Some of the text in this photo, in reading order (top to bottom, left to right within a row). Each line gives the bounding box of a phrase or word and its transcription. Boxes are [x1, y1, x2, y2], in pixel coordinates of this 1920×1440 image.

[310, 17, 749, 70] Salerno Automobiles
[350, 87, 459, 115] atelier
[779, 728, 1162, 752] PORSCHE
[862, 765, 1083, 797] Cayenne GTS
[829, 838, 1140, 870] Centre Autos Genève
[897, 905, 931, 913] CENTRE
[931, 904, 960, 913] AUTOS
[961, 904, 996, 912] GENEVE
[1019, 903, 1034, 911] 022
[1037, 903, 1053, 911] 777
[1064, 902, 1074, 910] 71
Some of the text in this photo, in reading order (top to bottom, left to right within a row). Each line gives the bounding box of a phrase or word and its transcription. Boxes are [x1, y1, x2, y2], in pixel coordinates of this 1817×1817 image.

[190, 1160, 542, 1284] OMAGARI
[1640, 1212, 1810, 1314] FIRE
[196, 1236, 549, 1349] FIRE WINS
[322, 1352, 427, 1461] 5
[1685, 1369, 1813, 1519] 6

────

Work instruction.
All of the entries need to be given again, word for word.

Reply to the exercise.
Some of the text in this photo, in reading order (top to bottom, left to right within a row). Each line gives the bounding box of a phrase or word and its transcription. Boxes are [x1, y1, x2, y2], in pixel coordinates of this 1920×1440 image.

[310, 17, 749, 70] Salerno Automobiles
[350, 87, 459, 115] atelier
[779, 728, 1162, 752] PORSCHE
[862, 765, 1083, 797] Cayenne GTS
[829, 838, 1140, 870] Centre Autos Genève
[897, 905, 931, 913] CENTRE
[931, 904, 960, 913] AUTOS
[961, 904, 996, 912] GENEVE
[1019, 903, 1034, 911] 022
[1037, 903, 1053, 911] 777
[1064, 902, 1074, 910] 71
Some of the text in this photo, in reading order (top to bottom, left to right within a row). Each line gives the bounding box of a phrase or word and its transcription. Boxes are [x1, y1, x2, y2], in pixel coordinates of this 1817×1817 image.

[190, 1160, 542, 1284] OMAGARI
[1640, 1212, 1810, 1314] FIRE
[196, 1236, 549, 1349] FIRE WINS
[322, 1352, 427, 1461] 5
[1685, 1369, 1813, 1519] 6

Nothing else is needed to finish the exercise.